今までのレースフォーザギャラクシーで無かった協力ゲーム的な要素が若干導入されている。

基本的には、いわゆる『アグリコラ』であったようなフードサプライに代表されるラウンドの終了時にシステム側が負荷をかけてくる要素が追加された。要は全てのプレイヤーがそれに対応する必要があるというもの。

このゲームでは新しいリソース等を導入するのではなく、それを抽象化し軍事力で基本的に解決することとなっている。

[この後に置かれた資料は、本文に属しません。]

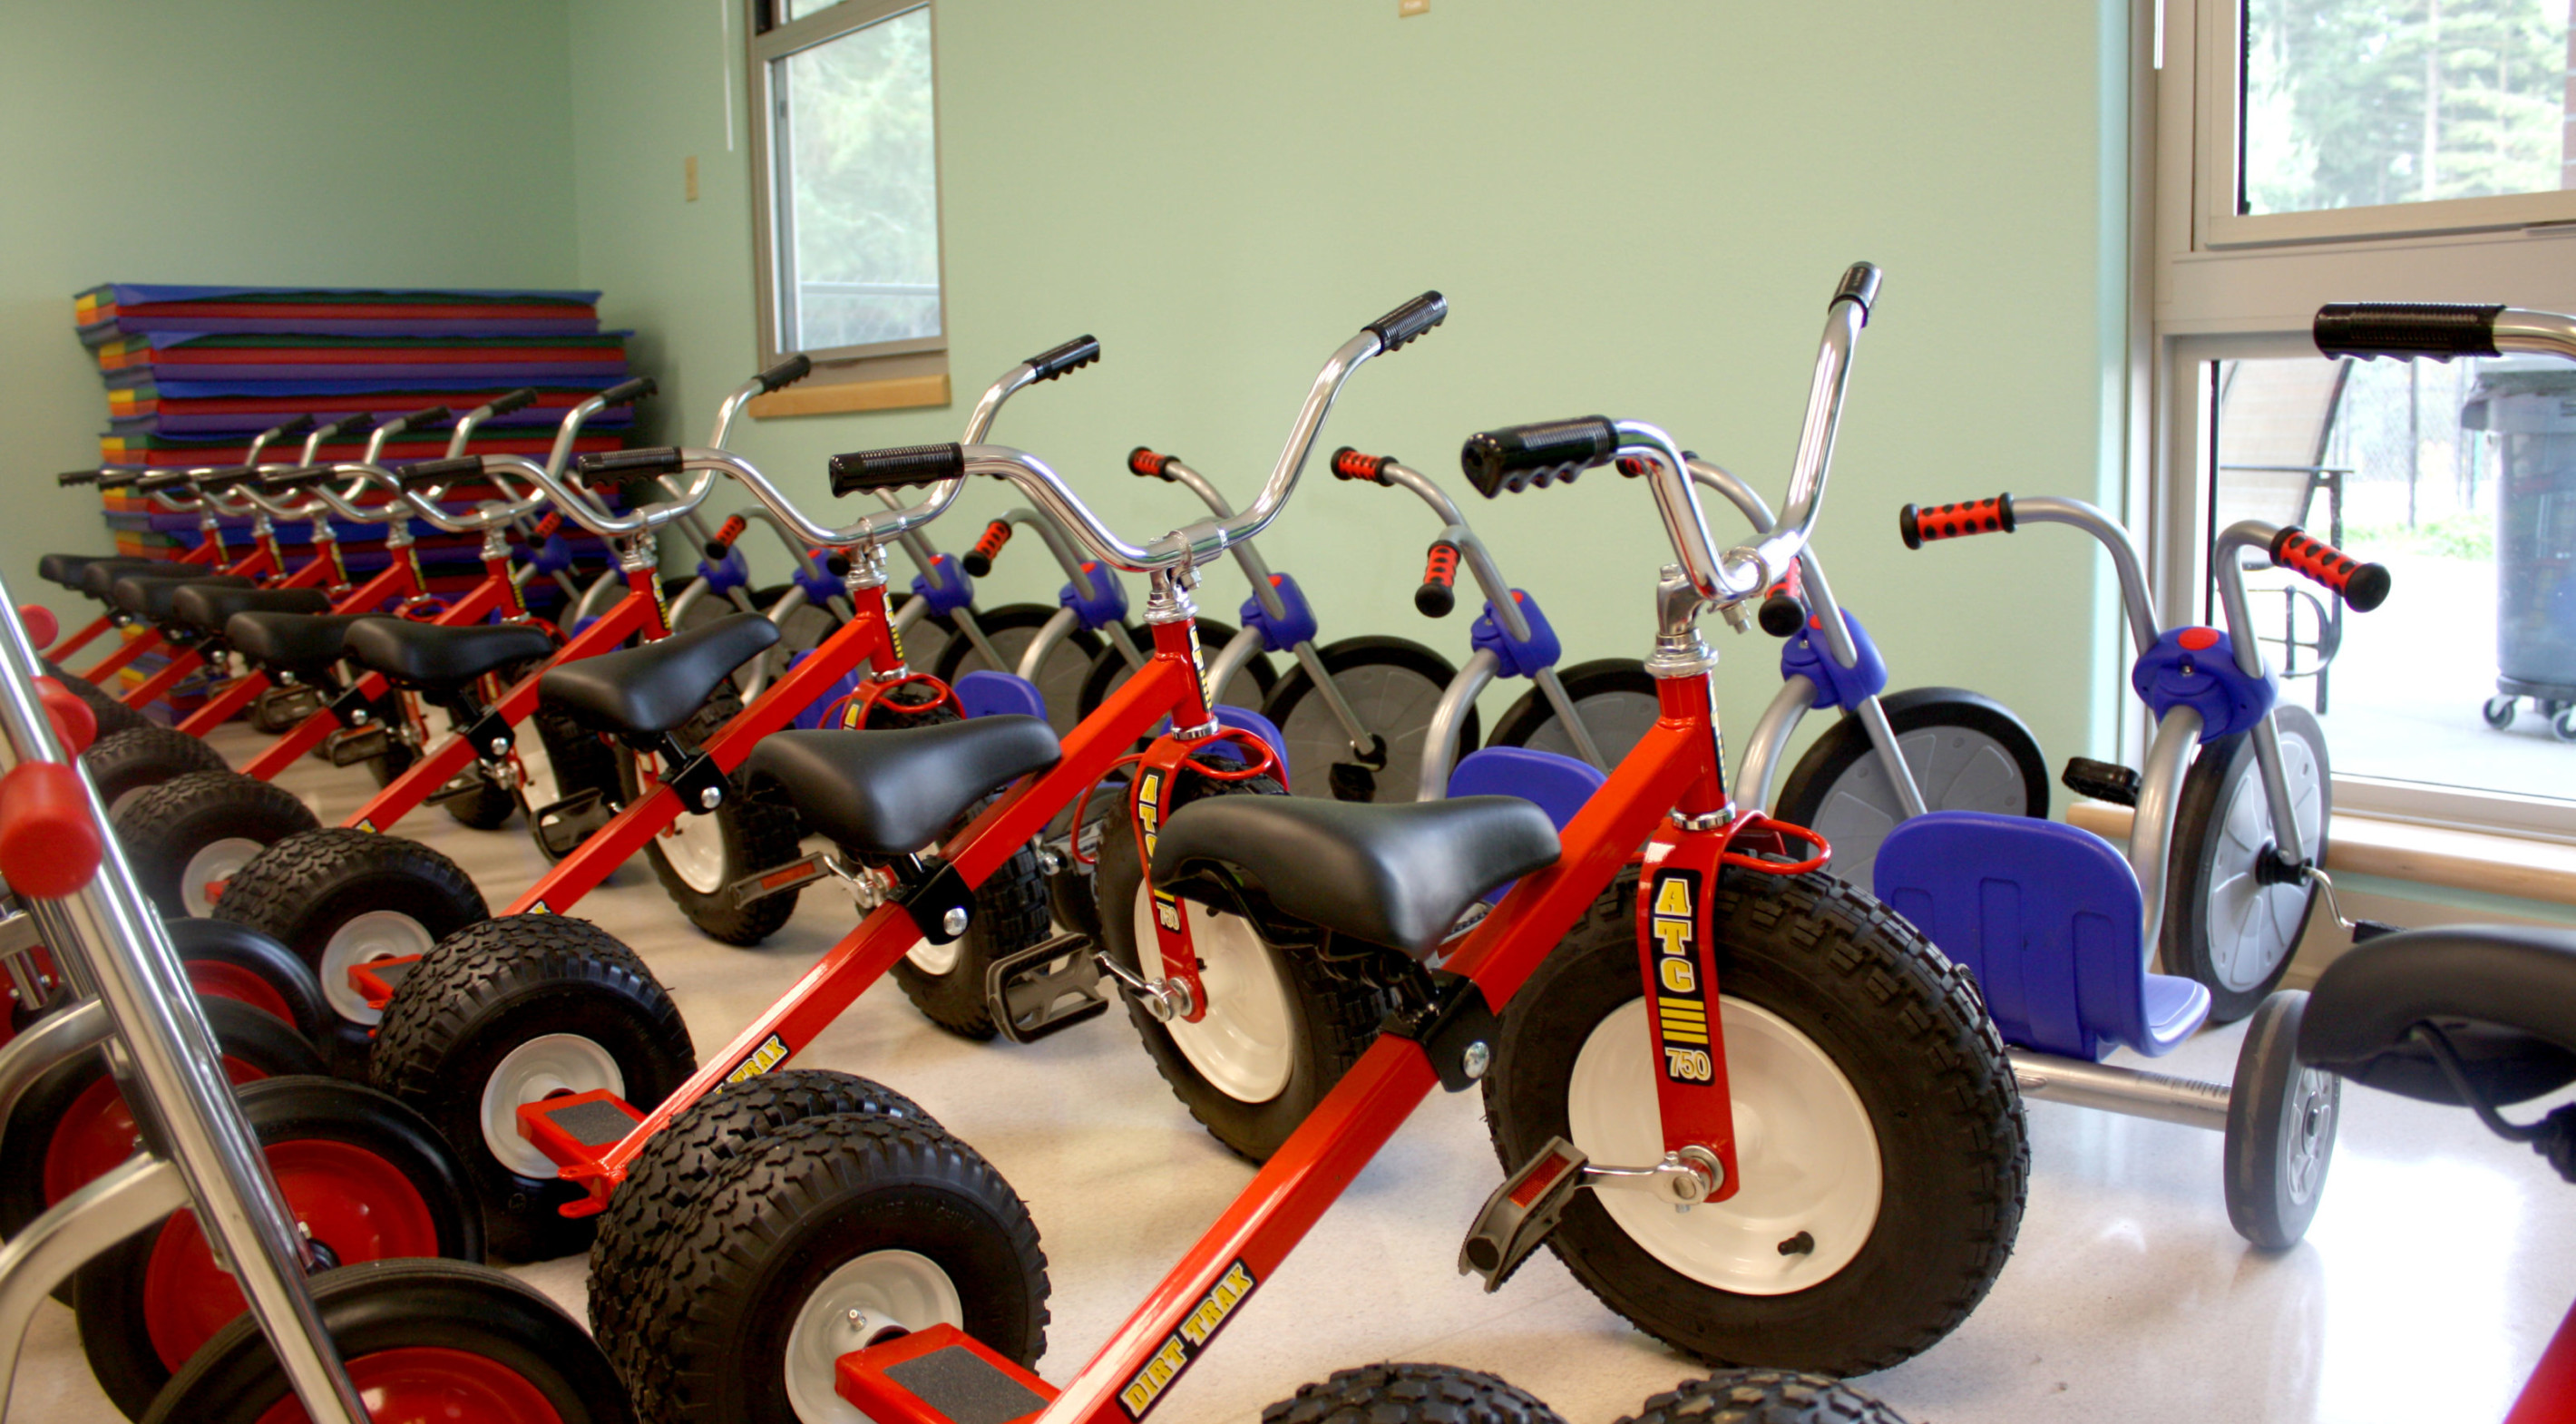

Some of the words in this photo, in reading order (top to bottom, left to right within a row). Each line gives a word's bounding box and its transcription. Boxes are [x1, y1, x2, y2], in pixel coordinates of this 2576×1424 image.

[1654, 877, 1696, 992] ATC
[1664, 1047, 1712, 1081] 750
[1119, 1334, 1188, 1419] DIRT
[1179, 1262, 1254, 1347] TRAX
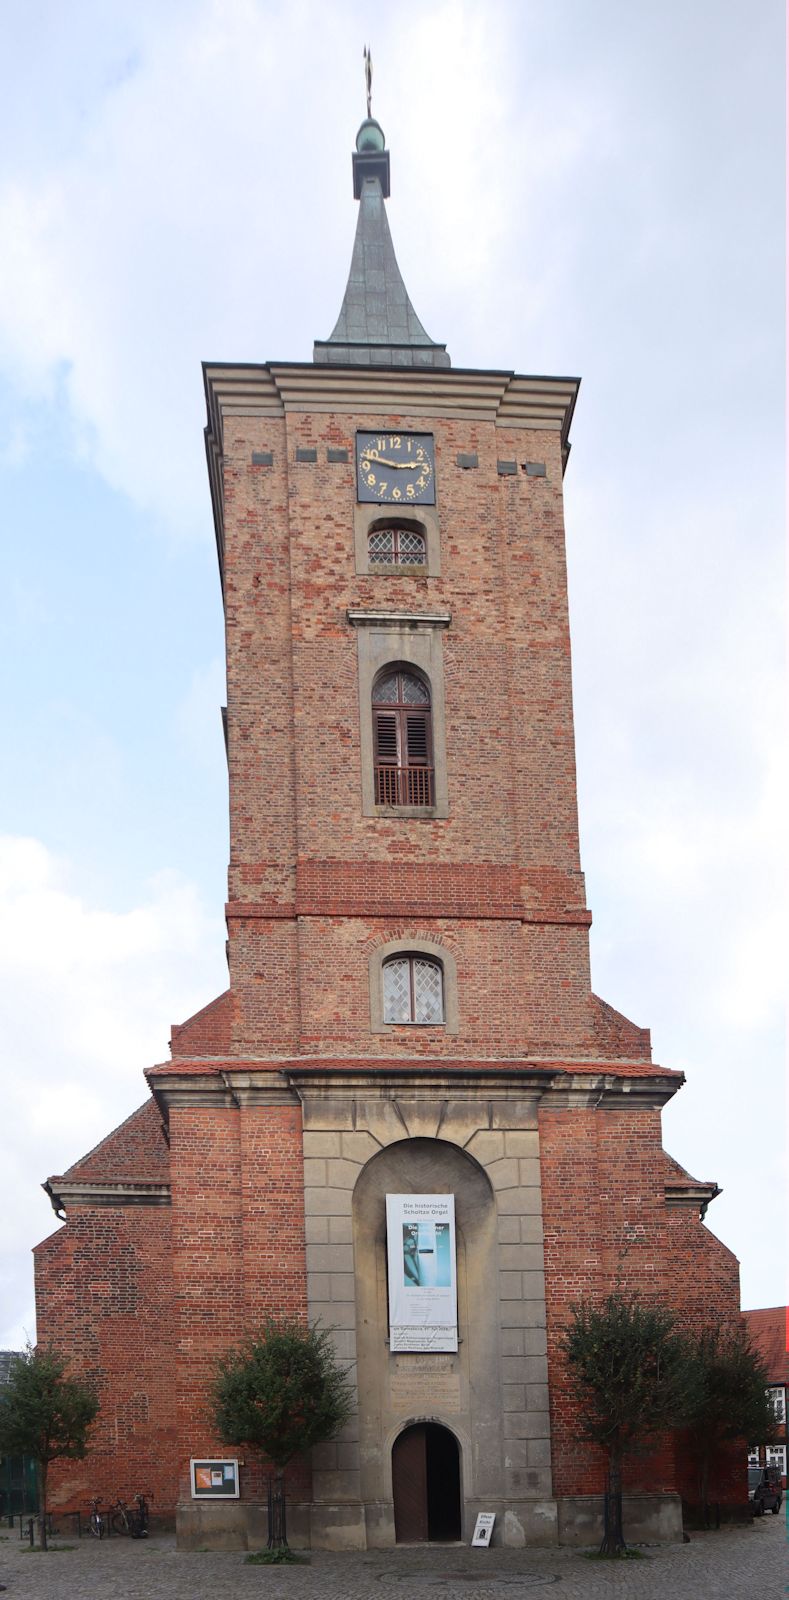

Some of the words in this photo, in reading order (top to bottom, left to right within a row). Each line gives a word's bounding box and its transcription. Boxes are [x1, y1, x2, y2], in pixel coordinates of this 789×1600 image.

[377, 439, 386, 451] 11
[390, 437, 401, 448] 12
[407, 440, 411, 452] 1
[366, 448, 379, 460] 10
[416, 449, 424, 461] 2
[362, 460, 371, 473] 9
[422, 463, 430, 475] 3
[367, 473, 376, 486] 8
[416, 475, 426, 487] 4
[379, 482, 388, 495] 7
[392, 486, 401, 498] 6
[406, 484, 415, 496] 5
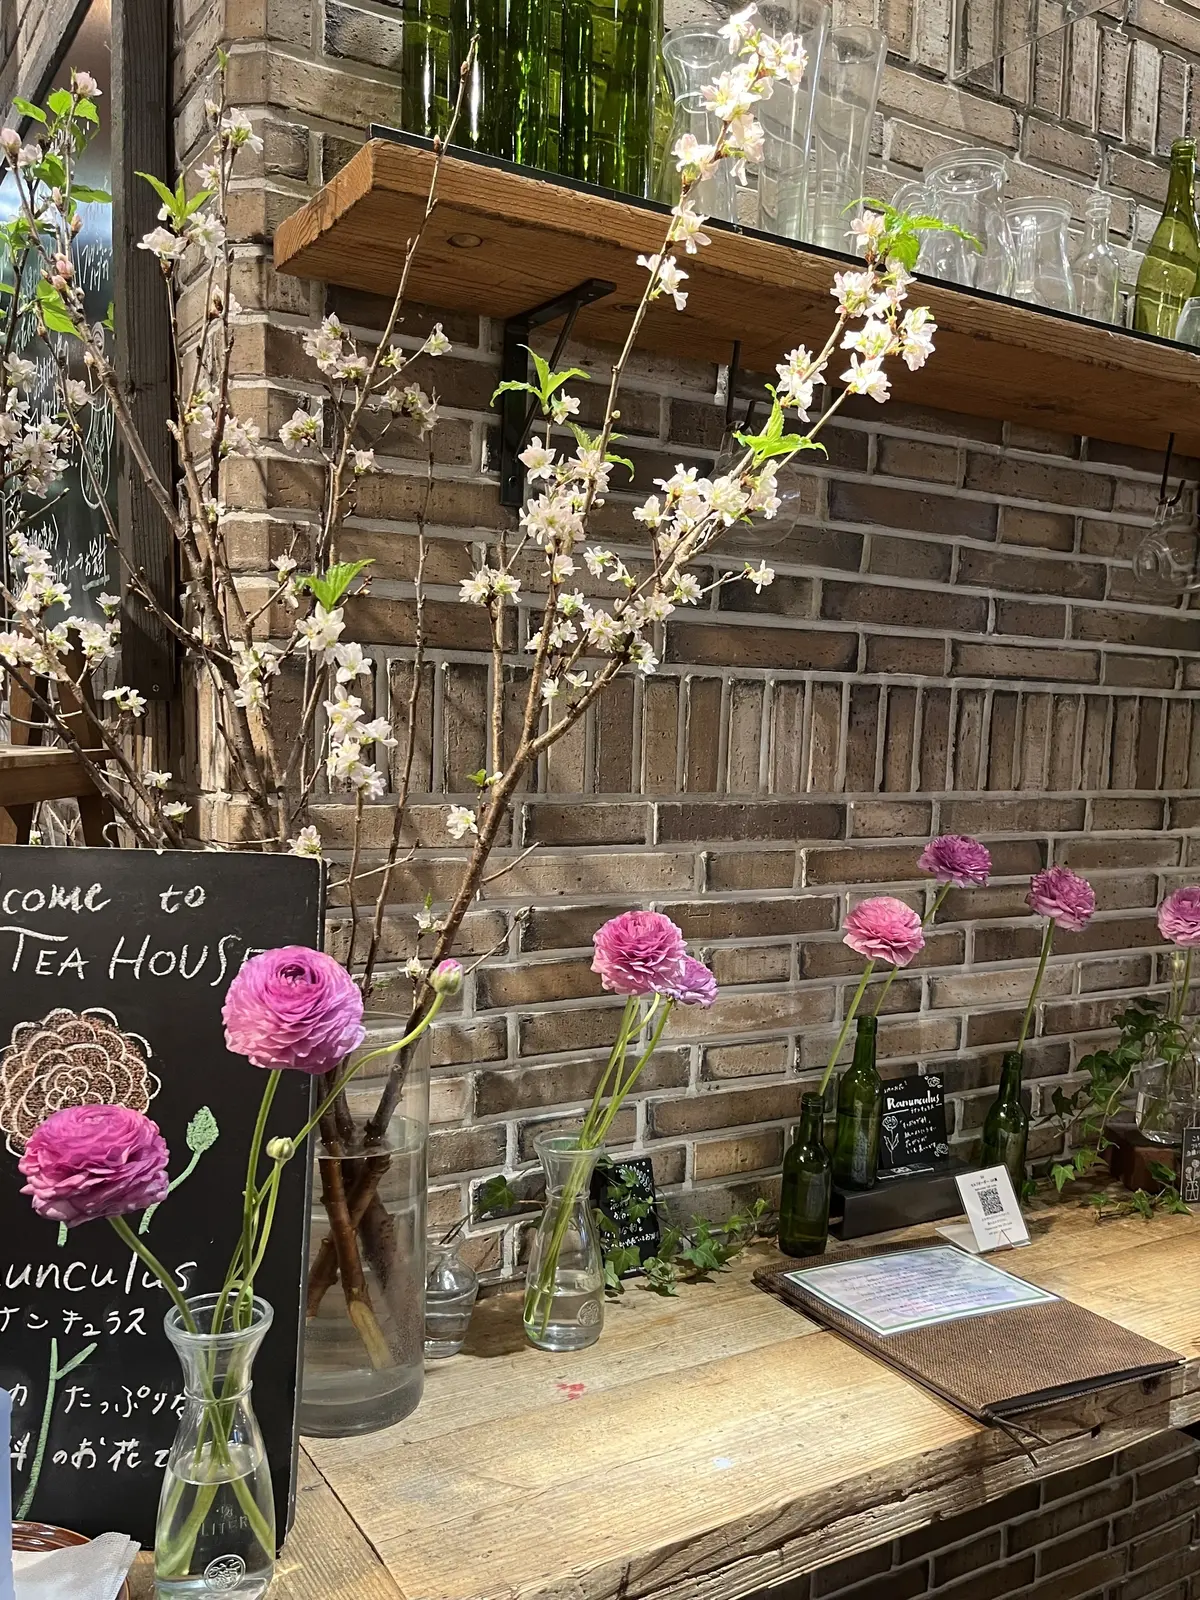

ゼノと呼ばれる種族が一定ターン後に侵略を仕掛けてくるため、打ち勝つ必要がある。負けた場合はワールドが 1 つ使用不能になる。勝った場合は、防衛報酬チップと呼ばれる VP に相当するボーナスを受け取る事ができる。

良くできているのは、対抗する事を諦めたとしても常に受けるダメージはワールド 1 枚が使用不能となる事で、どれだけ損害を受けたとしても打算が利くと言うところ。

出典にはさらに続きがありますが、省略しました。